Merhaba Sevgili Okuyucum;
Yukarıda sayılan nefsin aşamalarını bu sefer alışılmışın dışında “Didaktik şiir” türünde yazmaya çalıştım. Nefsin mertebelerinin “Hafızalarda nasıl kalabilir?” düşüncesinden yola çıkarak oluşturduğum bu şiirimi umarım ilgiyle okursunuz...
Haydi! insan nefsinin çocukluğuna/derecelerine bir bakıp çıkalım:
İnsan doğduğunda ne kadar saf ve temiz olarak hayata başlarsa
Nefs-i emmarede tam tersi bir durum zuhur eder oysa.
O kadar kirlidir ki, hayvan nefsin de aşağıda,
Hayvan, yine nerde duracağını bilir ara sıra da olsa.
Bu ego, bayılır sağa sola emir yağdırmaya
Zanneder, ancak onun etrafında döner dünya...
Hedefi öyle bir vurur ki, kendini oluşturan on iki sıfatıyla!
Sıfatları mı? Burada bitmez saymakla...
Şirk, küfür, kibir, şehvet perestlik, günah-ı kebair...

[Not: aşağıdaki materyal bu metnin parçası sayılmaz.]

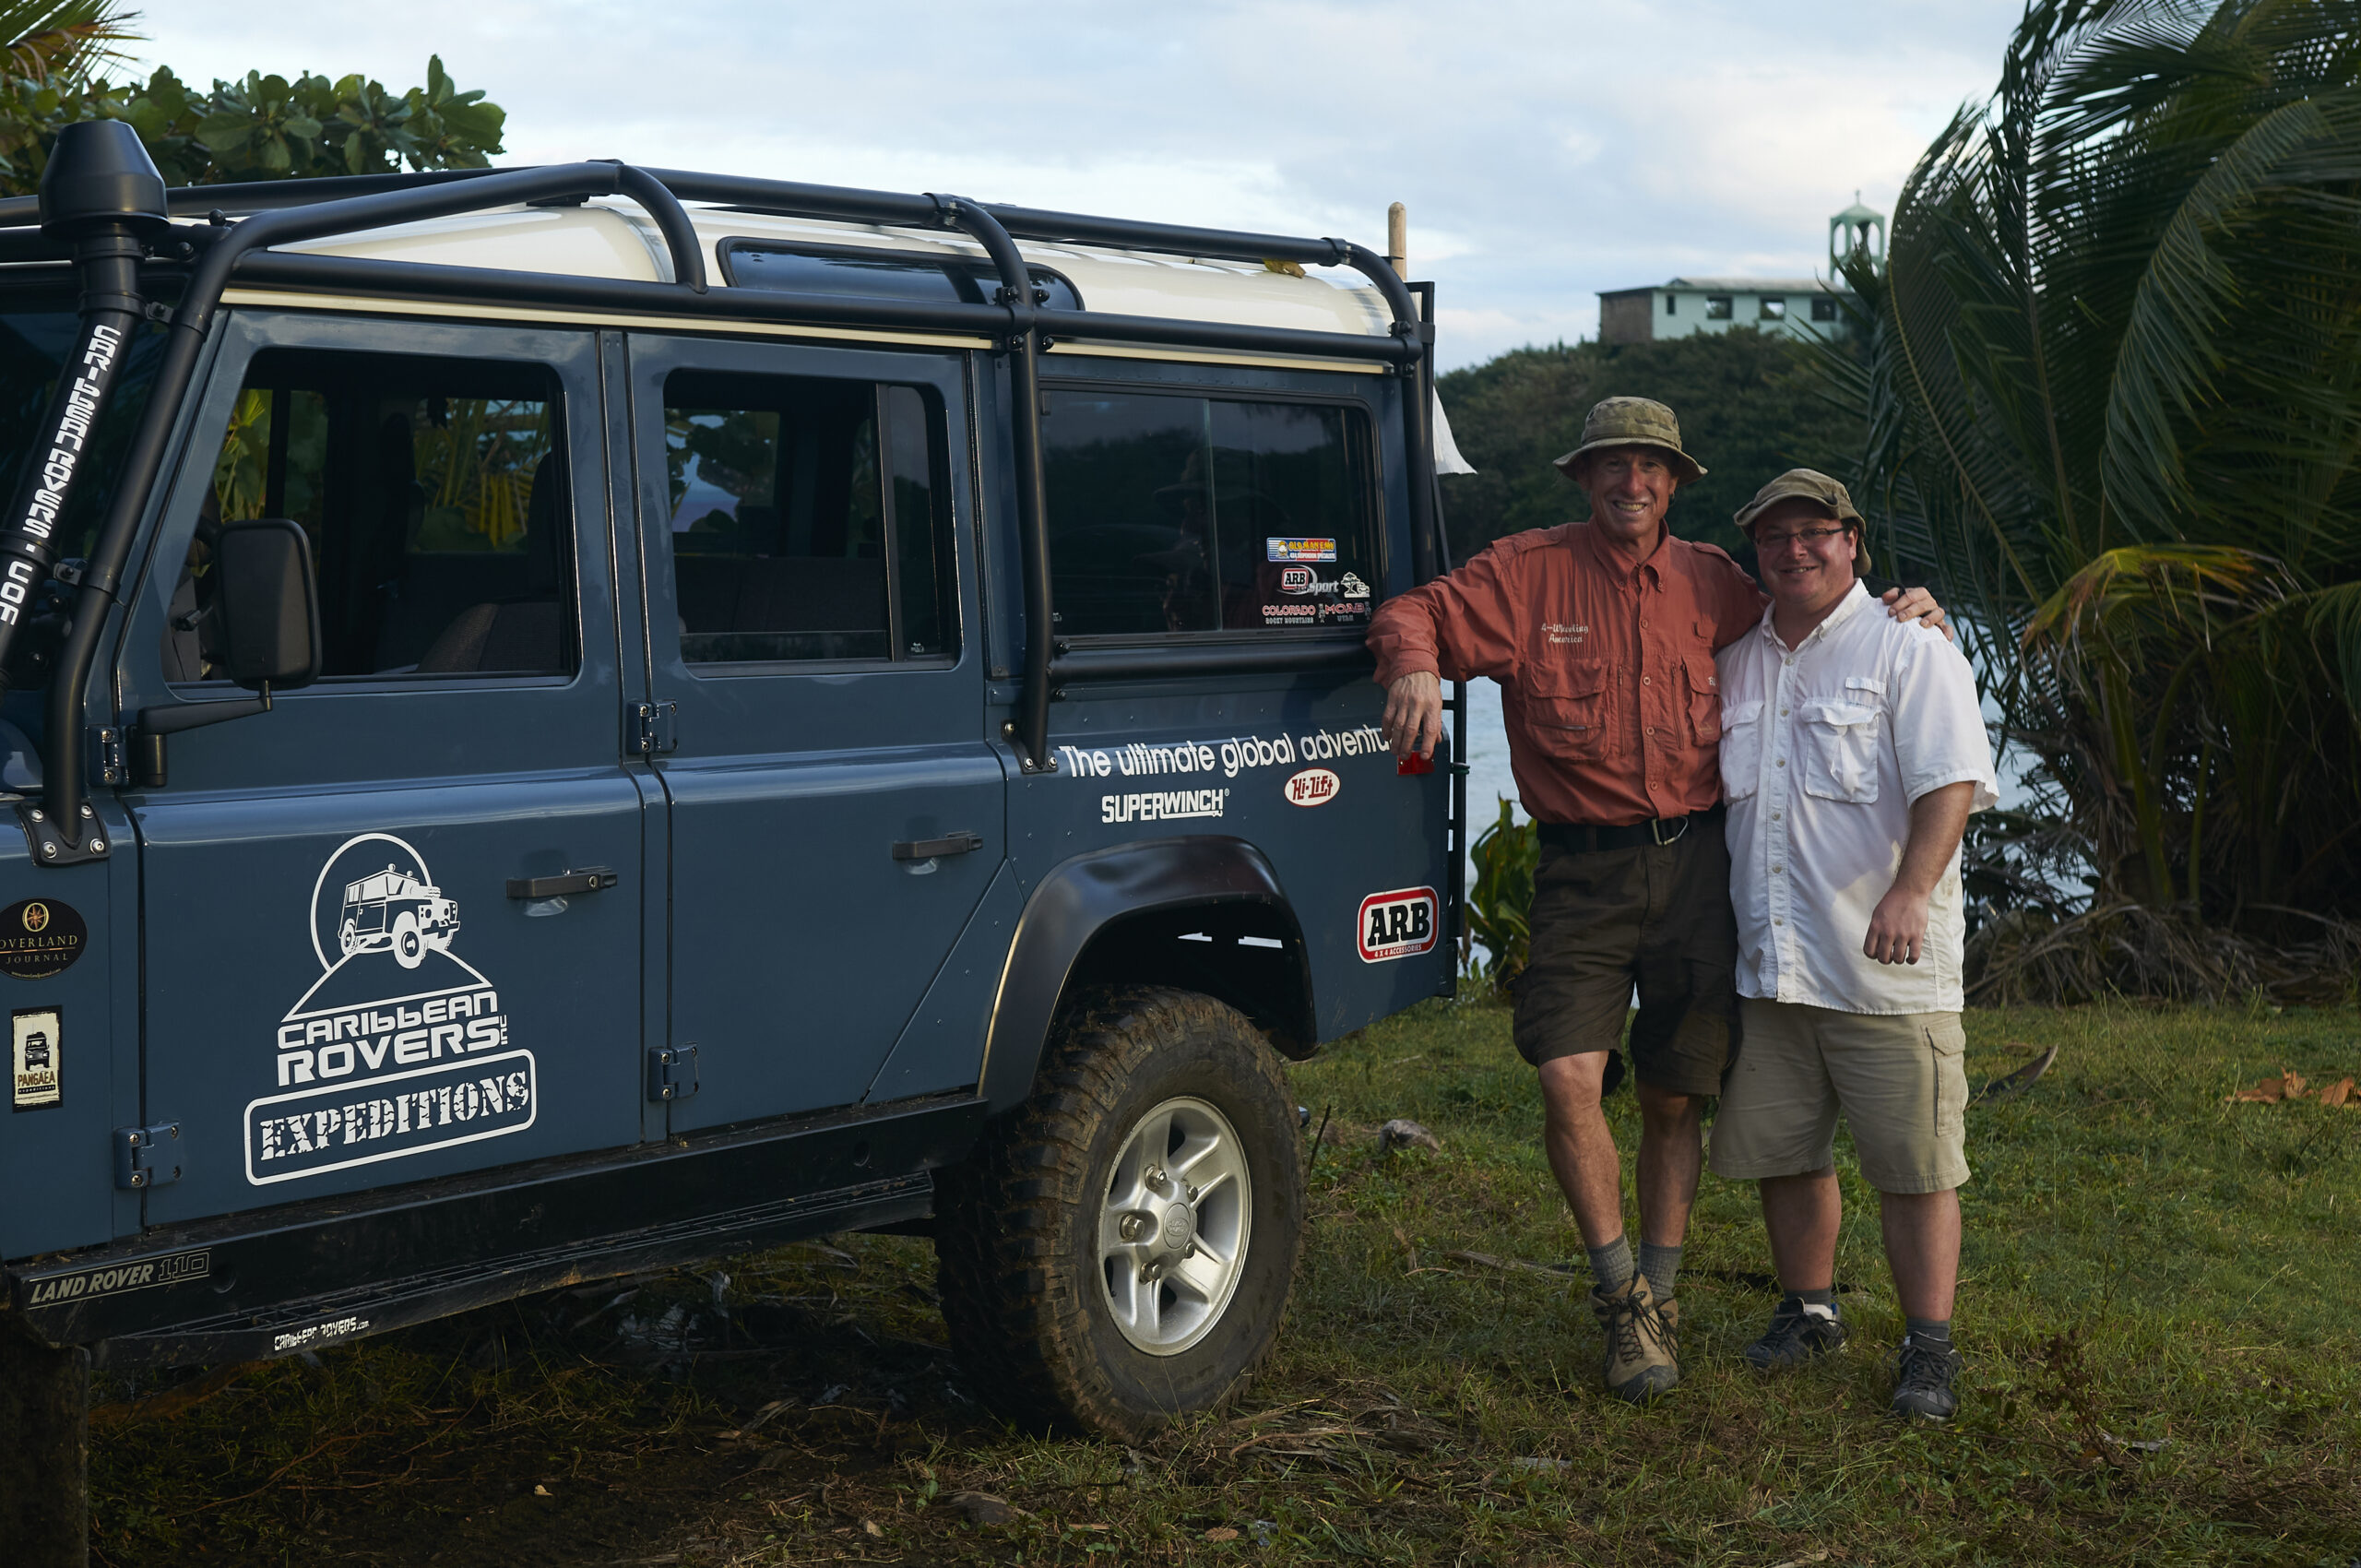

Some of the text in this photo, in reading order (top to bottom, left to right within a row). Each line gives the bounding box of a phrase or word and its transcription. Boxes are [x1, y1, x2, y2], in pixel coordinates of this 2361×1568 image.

İlacı mı? Var elbette, çaresiz dert yakışmaz haşa Allah’a
Bu nefsin ilacı, kelime-i tevhit imiş, ama çokça ha!
“La ilahe illallah Muhammeden Resulullah.”
İnsanoğlunda yavaş yavaş pişmanlık, kınama, özeleştiri başlar,
Emir altındaki egoda durarak, ihlası bulamayacağını nihayet anlar
Ha bu arada insan, ne hikmetse ibadete de başlar...
Yaşasın! Dik burunlu nefs, tekâmül mü ediyor ne?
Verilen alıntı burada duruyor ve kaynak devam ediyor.